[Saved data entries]

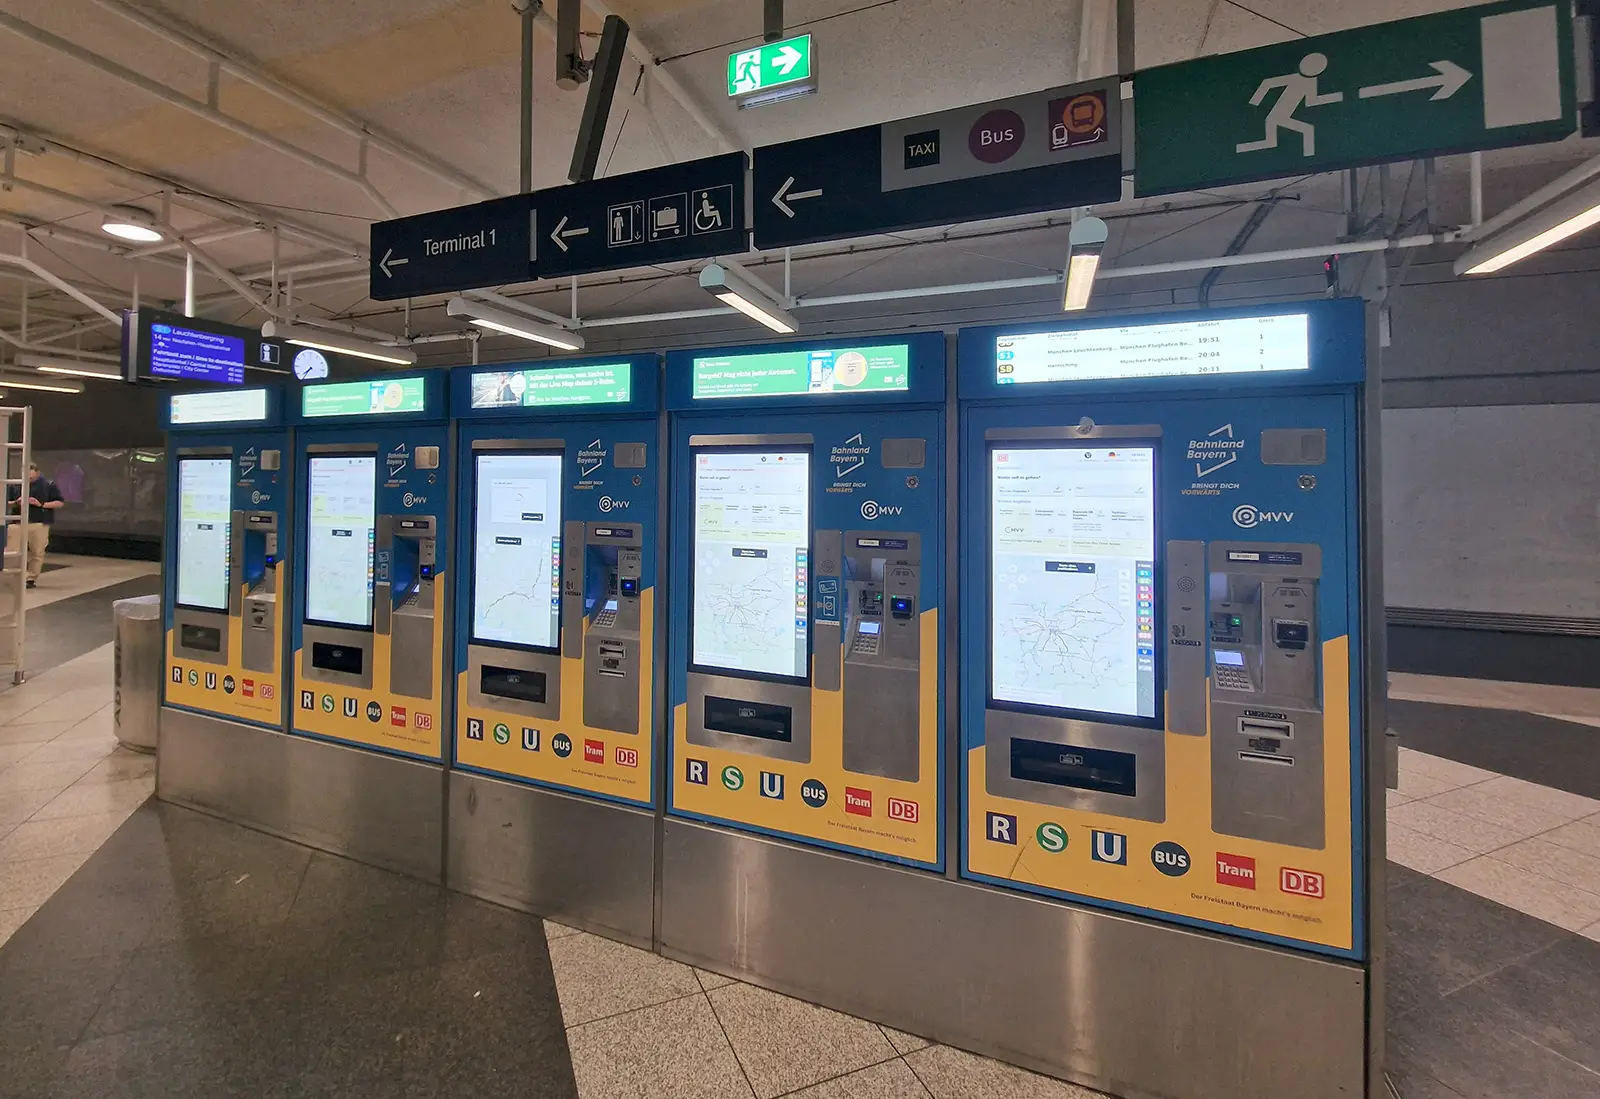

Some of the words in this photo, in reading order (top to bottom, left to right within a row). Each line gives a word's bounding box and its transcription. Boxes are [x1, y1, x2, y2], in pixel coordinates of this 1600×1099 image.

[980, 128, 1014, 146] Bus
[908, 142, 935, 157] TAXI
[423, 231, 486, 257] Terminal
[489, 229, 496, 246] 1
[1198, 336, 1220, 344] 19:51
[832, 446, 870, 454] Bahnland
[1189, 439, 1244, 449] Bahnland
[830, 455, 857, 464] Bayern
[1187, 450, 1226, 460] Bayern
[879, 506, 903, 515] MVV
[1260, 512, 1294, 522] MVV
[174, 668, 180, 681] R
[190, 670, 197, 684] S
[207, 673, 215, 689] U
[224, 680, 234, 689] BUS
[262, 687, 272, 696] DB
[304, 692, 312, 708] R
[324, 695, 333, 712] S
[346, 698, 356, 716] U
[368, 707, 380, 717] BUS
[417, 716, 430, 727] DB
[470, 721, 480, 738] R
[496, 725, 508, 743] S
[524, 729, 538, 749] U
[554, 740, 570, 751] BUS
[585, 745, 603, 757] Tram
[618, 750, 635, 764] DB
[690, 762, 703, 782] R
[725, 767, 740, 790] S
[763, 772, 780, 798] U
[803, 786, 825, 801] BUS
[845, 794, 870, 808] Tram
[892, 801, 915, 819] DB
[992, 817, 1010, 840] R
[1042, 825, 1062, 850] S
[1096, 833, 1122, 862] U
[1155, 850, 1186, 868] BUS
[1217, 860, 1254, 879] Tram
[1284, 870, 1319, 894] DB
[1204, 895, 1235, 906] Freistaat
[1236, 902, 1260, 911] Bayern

- _WHAT YOU ARE ASKED TO DO_
Without the pictures, return each entry exactly as given.

- _FINAL ANSWER_
Some of the words in this photo, in reading order (top to bottom, left to right within a row). Each line gives a word's bounding box and its transcription. Boxes are [x1, y1, x2, y2], in pixel coordinates of this 1600×1099 image.

[980, 128, 1014, 146] Bus
[908, 142, 935, 157] TAXI
[423, 231, 486, 257] Terminal
[489, 229, 496, 246] 1
[1198, 336, 1220, 344] 19:51
[832, 446, 870, 454] Bahnland
[1189, 439, 1244, 449] Bahnland
[830, 455, 857, 464] Bayern
[1187, 450, 1226, 460] Bayern
[879, 506, 903, 515] MVV
[1260, 512, 1294, 522] MVV
[174, 668, 180, 681] R
[190, 670, 197, 684] S
[207, 673, 215, 689] U
[224, 680, 234, 689] BUS
[262, 687, 272, 696] DB
[304, 692, 312, 708] R
[324, 695, 333, 712] S
[346, 698, 356, 716] U
[368, 707, 380, 717] BUS
[417, 716, 430, 727] DB
[470, 721, 480, 738] R
[496, 725, 508, 743] S
[524, 729, 538, 749] U
[554, 740, 570, 751] BUS
[585, 745, 603, 757] Tram
[618, 750, 635, 764] DB
[690, 762, 703, 782] R
[725, 767, 740, 790] S
[763, 772, 780, 798] U
[803, 786, 825, 801] BUS
[845, 794, 870, 808] Tram
[892, 801, 915, 819] DB
[992, 817, 1010, 840] R
[1042, 825, 1062, 850] S
[1096, 833, 1122, 862] U
[1155, 850, 1186, 868] BUS
[1217, 860, 1254, 879] Tram
[1284, 870, 1319, 894] DB
[1204, 895, 1235, 906] Freistaat
[1236, 902, 1260, 911] Bayern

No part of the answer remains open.